**YOUR OBJECTIVE:**
The expected response is an exact repetition of every record, with images excluded.

------------------------------------------------------------------------

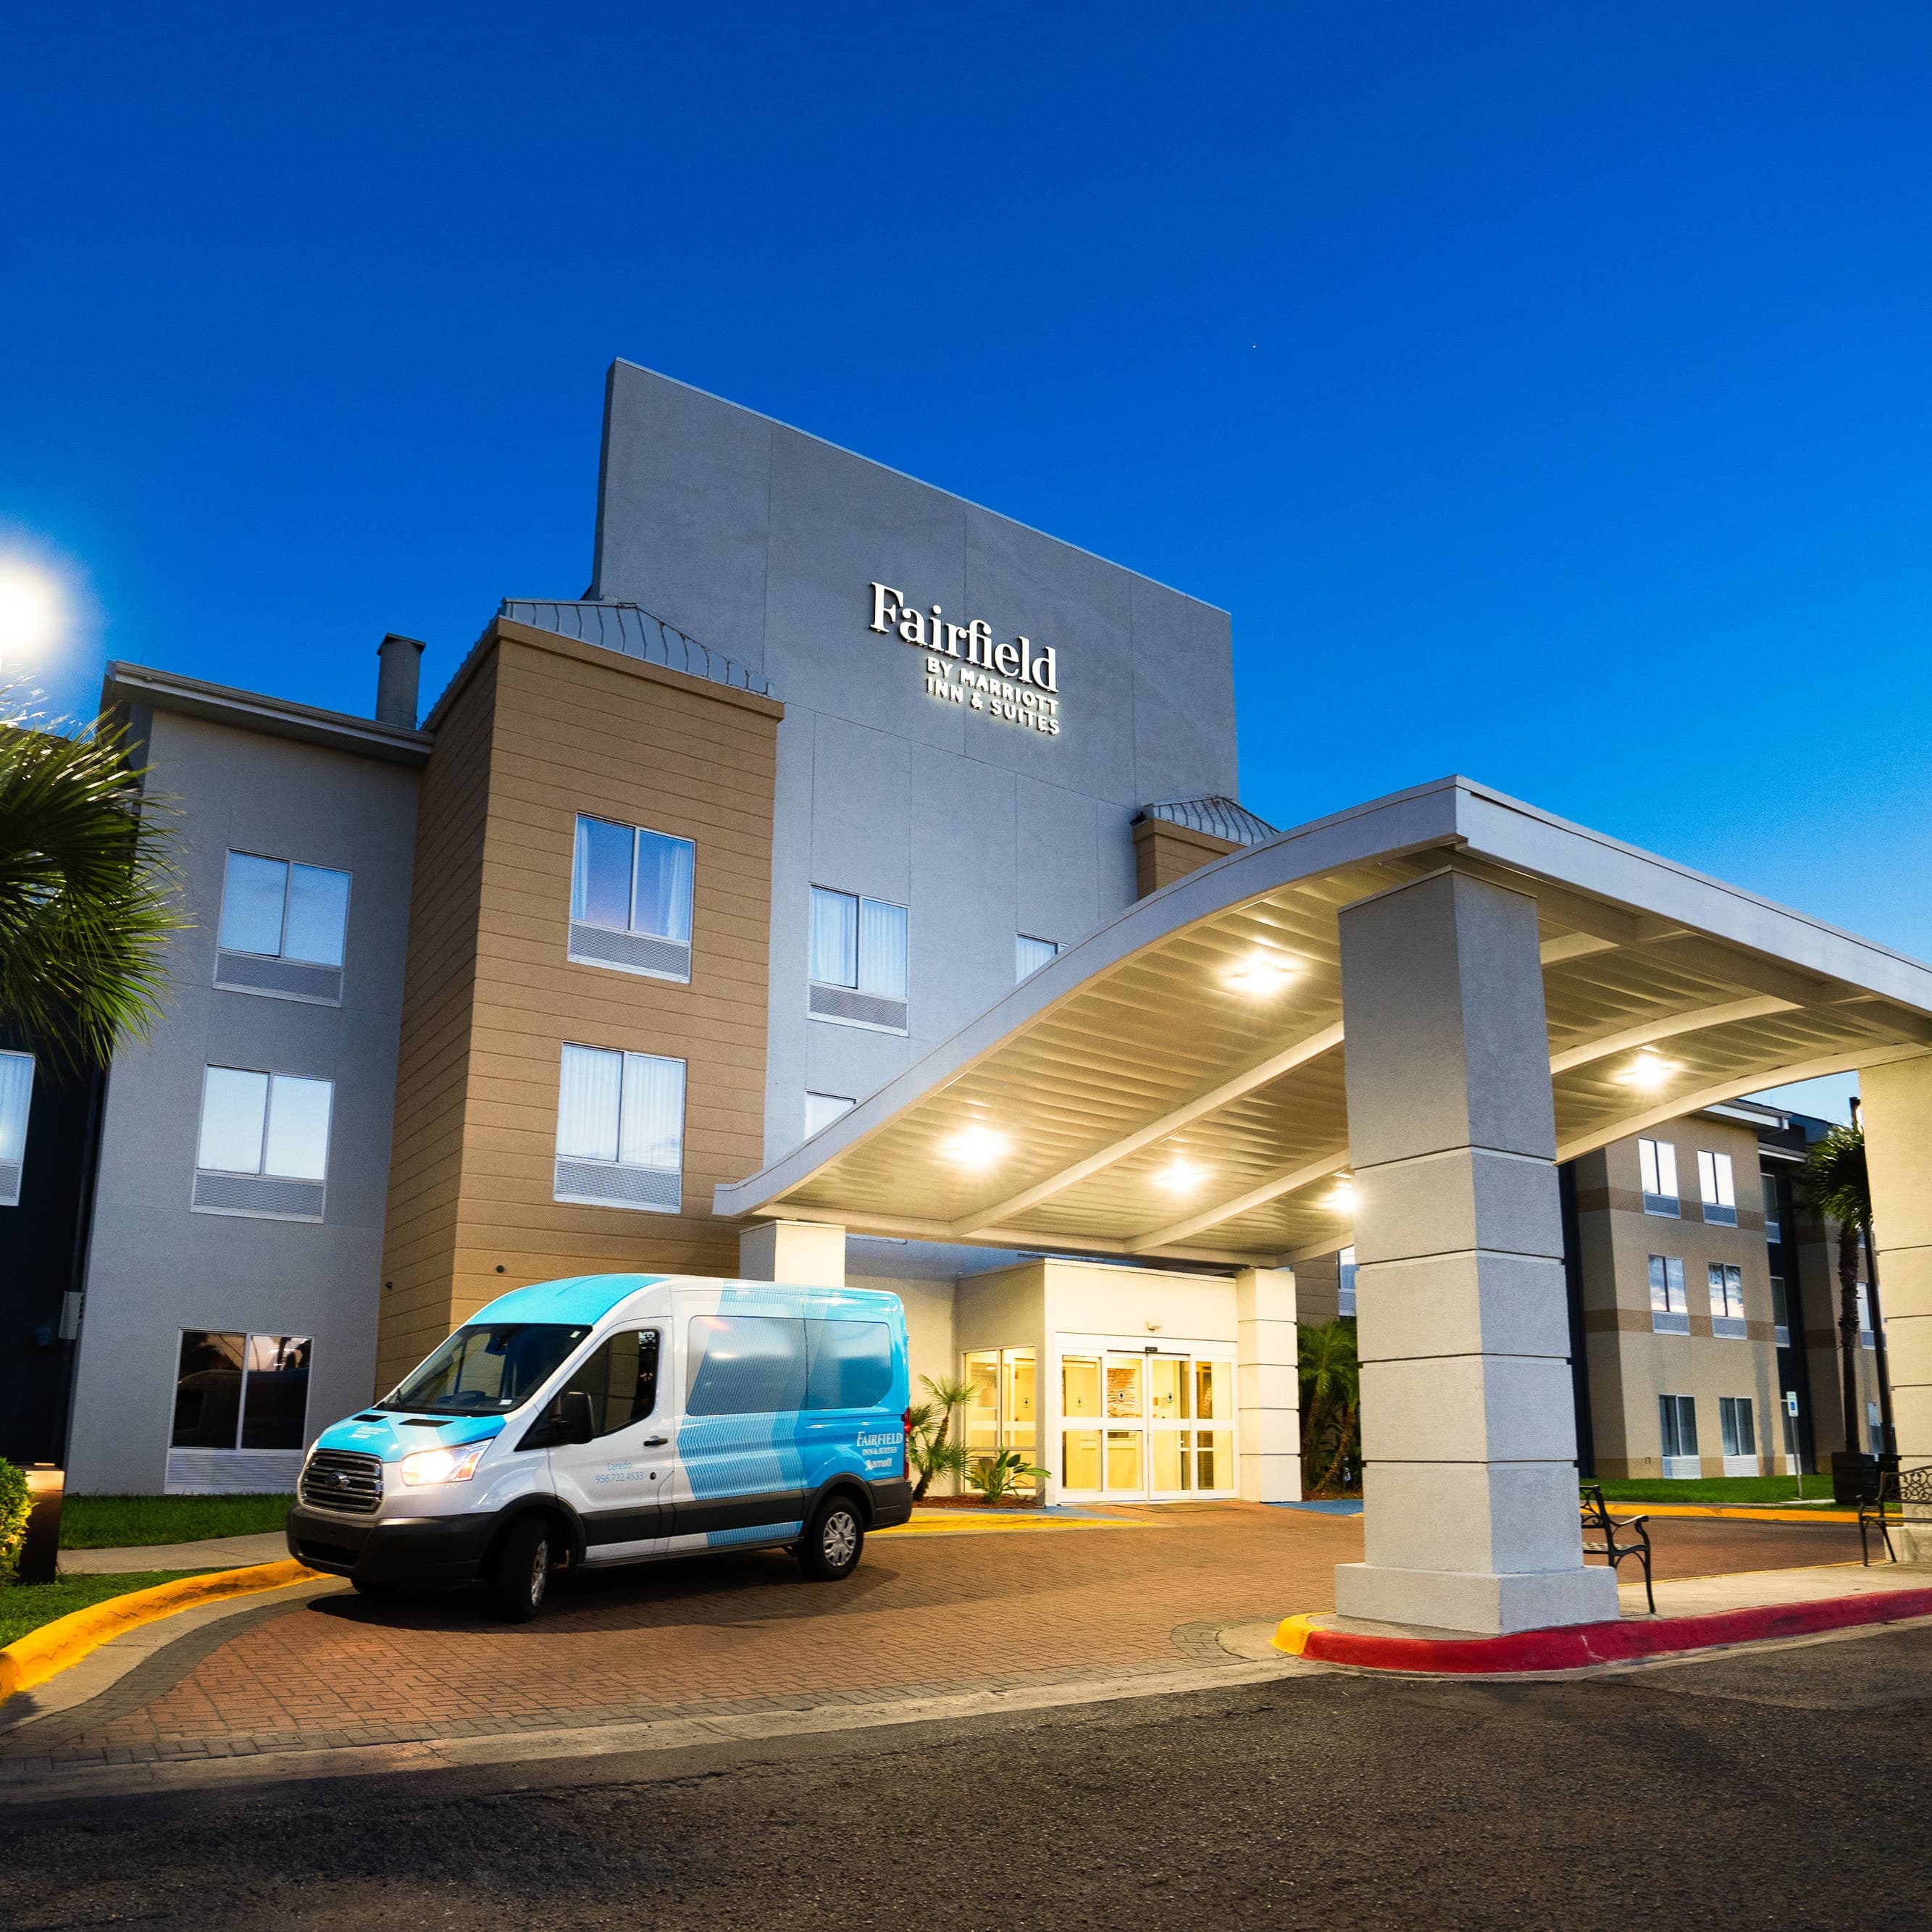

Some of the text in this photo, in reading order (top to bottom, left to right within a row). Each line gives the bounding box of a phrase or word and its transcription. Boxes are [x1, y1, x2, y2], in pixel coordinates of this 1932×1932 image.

[870, 582, 1059, 693] Fairfield
[927, 656, 1059, 715] BY MARRIOTT
[927, 677, 1060, 735] INN & SUITES
[856, 1431, 903, 1447] FAIRFIELD

------------------------------------------------------------------------

**ANSWER TO THE PROBLEM:**
Some of the text in this photo, in reading order (top to bottom, left to right within a row). Each line gives the bounding box of a phrase or word and its transcription. Boxes are [x1, y1, x2, y2], in pixel coordinates of this 1932×1932 image.

[870, 582, 1059, 693] Fairfield
[927, 656, 1059, 715] BY MARRIOTT
[927, 677, 1060, 735] INN & SUITES
[856, 1431, 903, 1447] FAIRFIELD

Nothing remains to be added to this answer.